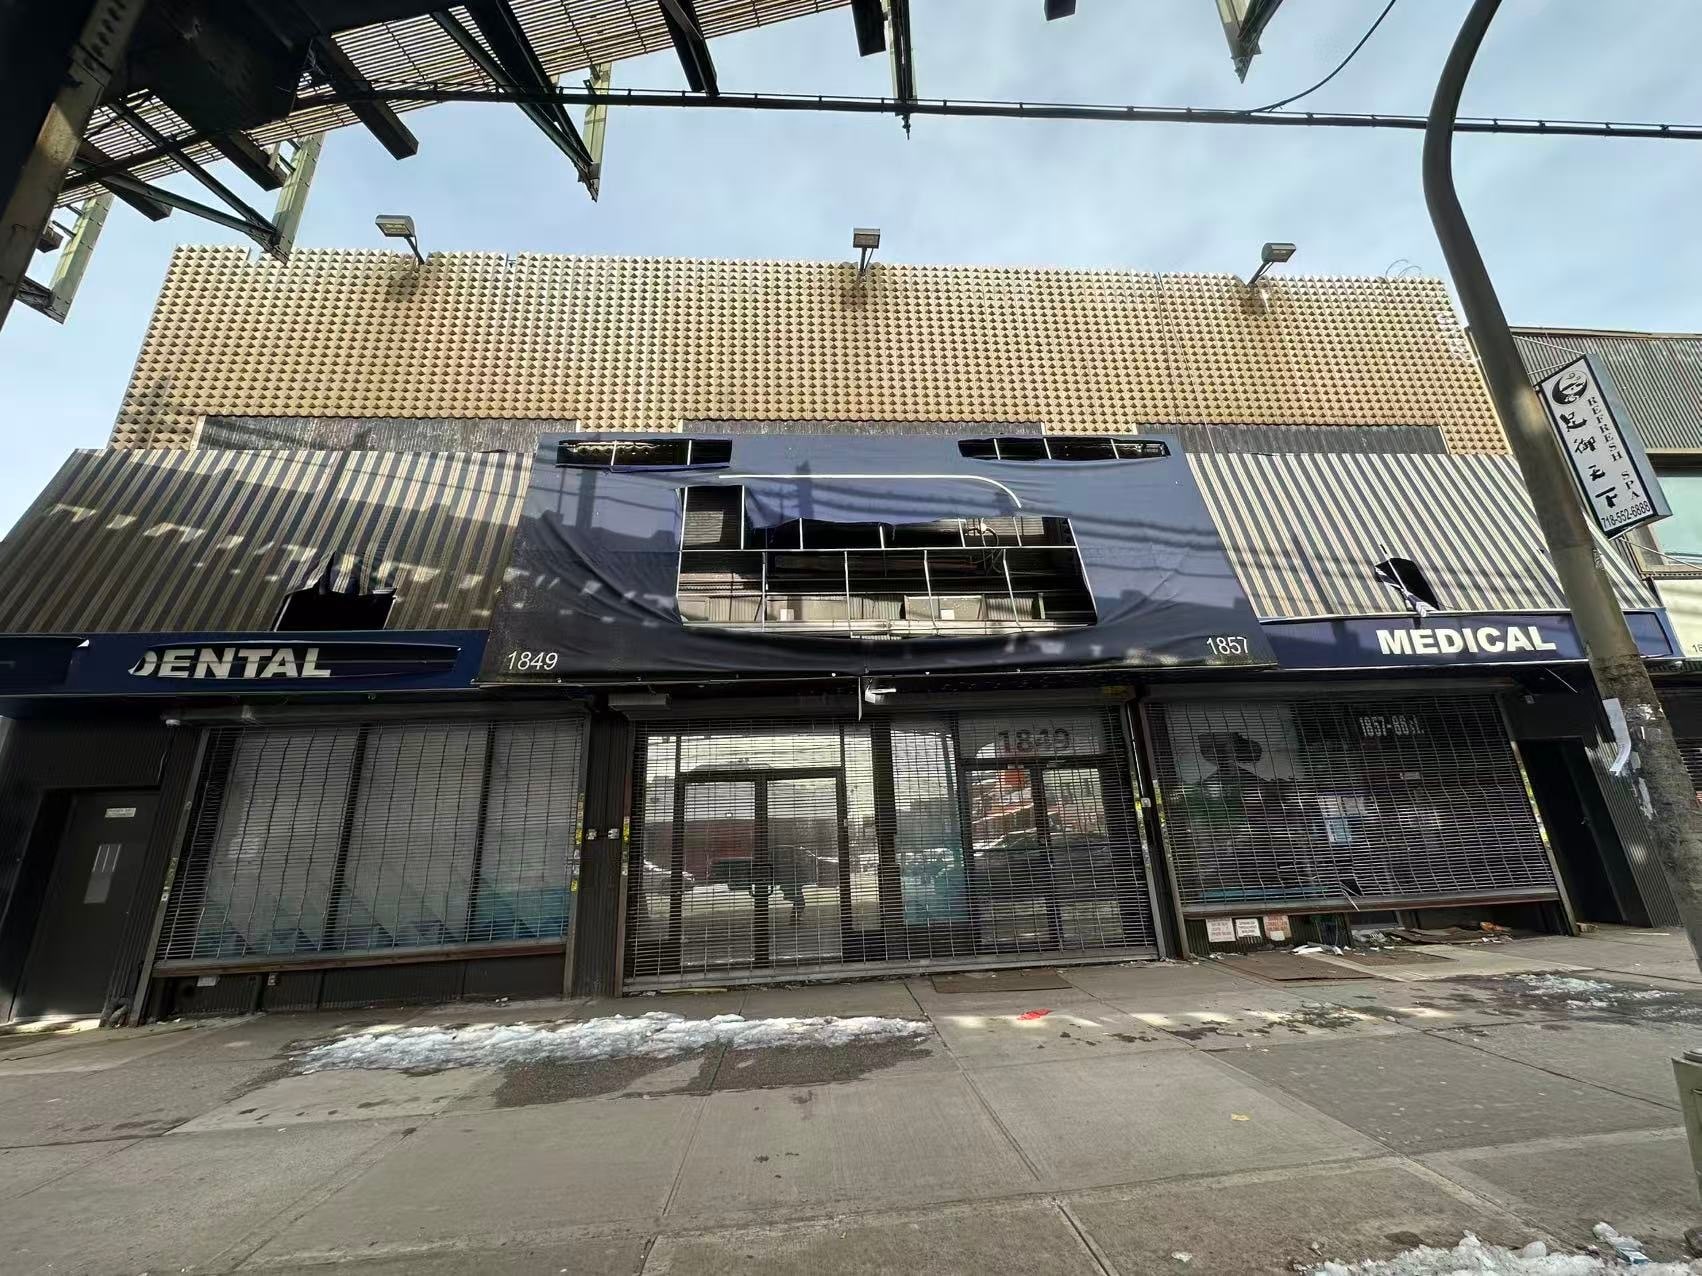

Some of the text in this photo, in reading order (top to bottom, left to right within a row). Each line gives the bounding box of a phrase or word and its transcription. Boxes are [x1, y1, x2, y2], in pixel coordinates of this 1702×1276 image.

[1587, 396, 1640, 500] REFRESH SPA
[1601, 500, 1651, 529] 718-552-6888
[1206, 636, 1249, 655] 1857
[1376, 626, 1557, 655] MEDICAL
[128, 648, 332, 679] DENTAL
[508, 650, 558, 671] 1849
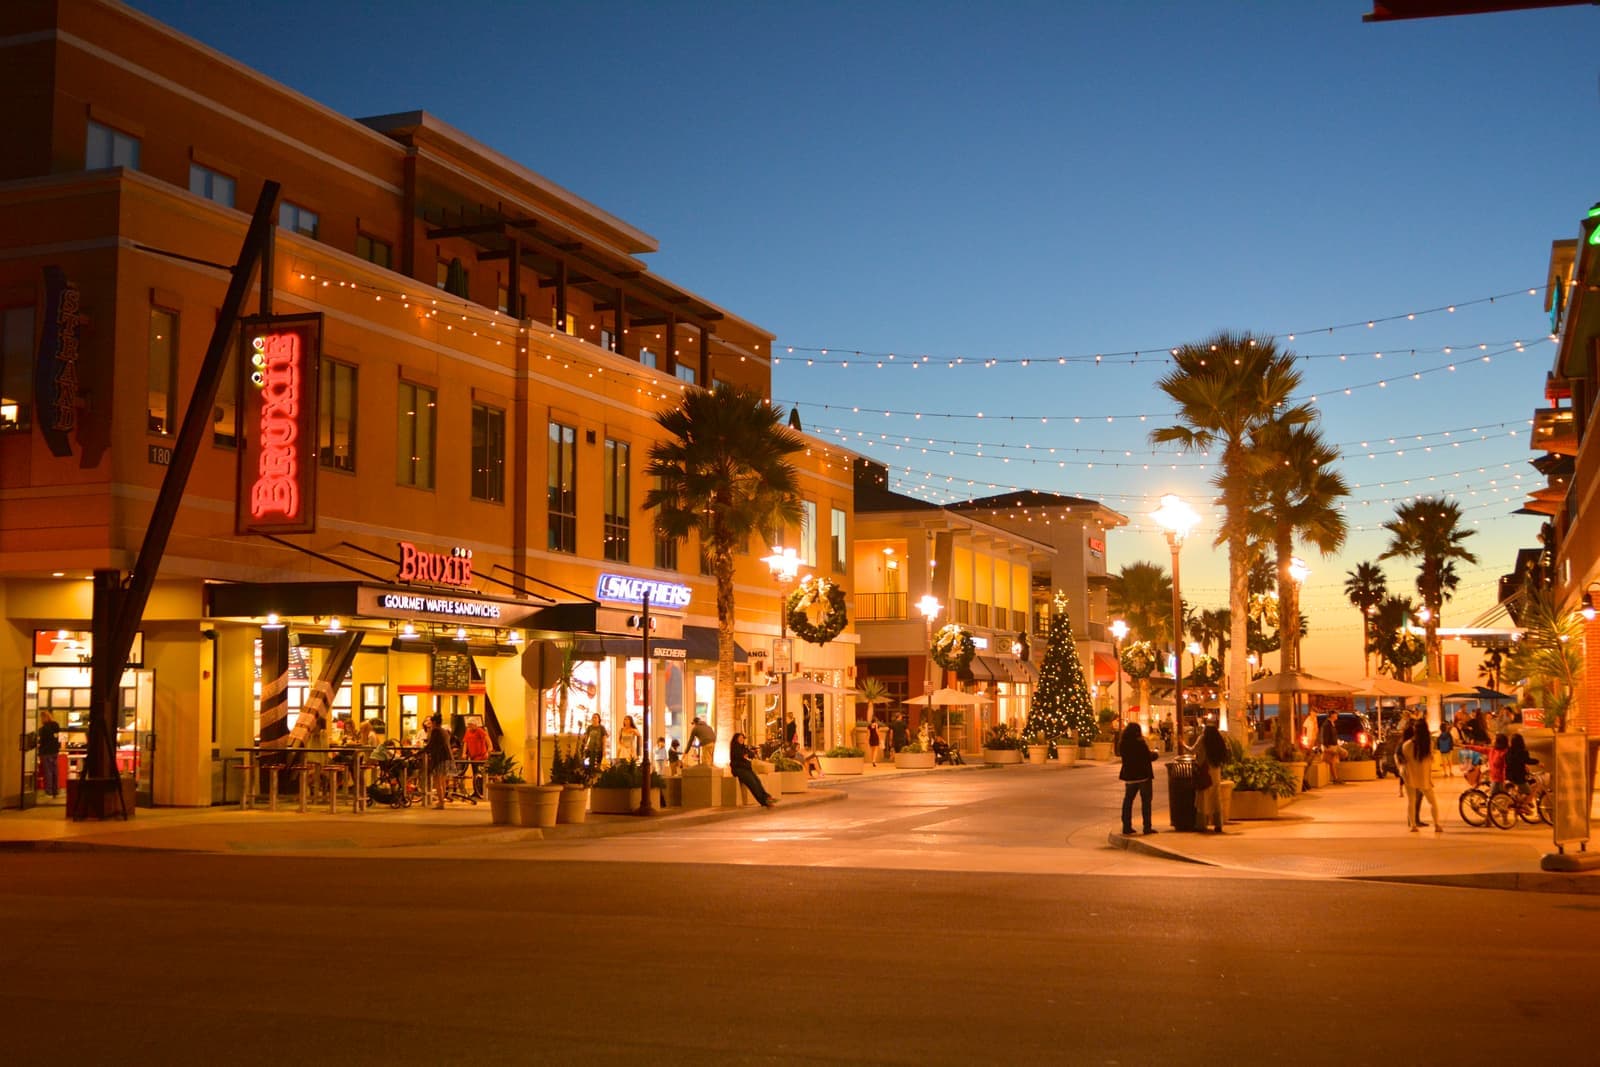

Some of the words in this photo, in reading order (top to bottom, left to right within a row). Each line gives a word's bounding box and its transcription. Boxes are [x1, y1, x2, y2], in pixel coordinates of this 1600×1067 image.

[252, 334, 299, 516] BRUXIE
[606, 576, 692, 606] SKECHERS
[384, 594, 424, 611] GOURMET
[425, 598, 453, 614] WAFFLE
[454, 602, 501, 618] SANDWICHES
[653, 647, 687, 657] SKECHERS

WORK REQUEST: "Some of the words" marks the first line to print; reproduce that line and every line after it through the end of the listing above.

REPLY:
Some of the words in this photo, in reading order (top to bottom, left to right within a row). Each line gives a word's bounding box and its transcription. Boxes are [x1, y1, x2, y2], in pixel coordinates of this 1600×1067 image.

[252, 334, 299, 516] BRUXIE
[606, 576, 692, 606] SKECHERS
[384, 594, 424, 611] GOURMET
[425, 598, 453, 614] WAFFLE
[454, 602, 501, 618] SANDWICHES
[653, 647, 687, 657] SKECHERS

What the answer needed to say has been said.